I've been running pretraining experiments with different pretrained vectors (word2vec, fasttext, etc.) and text categorization models. Up until today, I haven't had an issue using prodigy train textcat -t2v ...
with weights produced by spacy pretrain
.
However, when attempting to train my latest experiment with the following command:
python -m prodigy train textcat pslic_textcat_dedup,pflic_textcat_dedup en_fasttext_1m -o d:/fasttext_1m_ps -n 20 -t2v ./fasttext_pretrain_model4.bin -es 0.4 -d 0.5
I get the following error:
Loaded model 'en_fasttext_1m'
Traceback (most recent call last):
File "d:\Anaconda3\envs\python37\lib\runpy.py", line 194, in _run_module_as_main
return _run_code(code, main_globals, None,
File "d:\Anaconda3\envs\python37\lib\runpy.py", line 87, in _run_code
exec(code, run_globals)
File "C:\Users\ChristopherRogers\AppData\Local\pypoetry\Cache\virtualenvs\jobtitles-Naq776M9-py3.8\lib\site-packages\prodigy\__main__.py", line 60, in <module>
controller = recipe(*args, use_plac=True)

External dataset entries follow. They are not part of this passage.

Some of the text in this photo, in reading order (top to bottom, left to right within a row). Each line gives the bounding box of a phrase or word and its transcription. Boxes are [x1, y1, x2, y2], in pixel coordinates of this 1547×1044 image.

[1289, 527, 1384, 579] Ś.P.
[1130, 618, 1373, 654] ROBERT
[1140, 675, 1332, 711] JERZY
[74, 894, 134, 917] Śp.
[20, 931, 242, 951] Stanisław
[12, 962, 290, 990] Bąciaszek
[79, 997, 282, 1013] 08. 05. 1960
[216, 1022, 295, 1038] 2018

File "cython_src\prodigy\core.pyx", line 300, in prodigy.core.recipe.recipe_decorator.recipe_proxy
File "C:\Users\ChristopherRogers\AppData\Local\pypoetry\Cache\virtualenvs\jobtitles-Naq776M9-py3.8\lib\site-packages\plac_core.py", line 367, in call
cmd, result = parser.consume(arglist)
File "C:\Users\ChristopherRogers\AppData\Local\pypoetry\Cache\virtualenvs\jobtitles-Naq776M9-py3.8\lib\site-packages\plac_core.py", line 232, in consume
return cmd, self.func(*(args + varargs + extraopts), **kwargs)
File "C:\Users\ChristopherRogers\AppData\Local\pypoetry\Cache\virtualenvs\jobtitles-Naq776M9-py3.8\lib\site-packages\prodigy\recipes\train.py", line 92, in train
read_pretrain_hyper_params(init_tok2vec, component, require=True)
File "cython_src\prodigy\util.pyx", line 573, in prodigy.util.read_pretrain_hyper_params
AttributeError: 'bytes' object has no attribute 'get'
I'm using poetry to create the following environment:
python = "^3.7"
pandas = "^1.1.0"
scipy = "^1.5.2"
numpy = "^1.19.1"
sagemaker = "^1.72.0"
s3fs = "^0.4.2"
cupy-cuda102 = "^7.7.0"
spacy = {version = "2.3.1", extras = ["cuda102", "lookups"]}
prodigy = {path = "prodigy-1.10.3-cp36.cp37.cp38-cp36m.cp37m.cp38-win_amd64.whl"}
en_fasttext_1m = {path = "en_fasttext_1m-2.3.0.tar.gz"}
Pretraining occurred on an AWS p3.2xlarge instance with the following settings:
pretrain(texts_loc, vectors_model, output_dir, n_iter=10, min_length=1, max_length=50, seed=1337,
n_save_every=1, sa_depth=2, bilstm_depth=2, width=300, dropout=0.3, batch_size=5000, conv_depth=6)
What am I missing?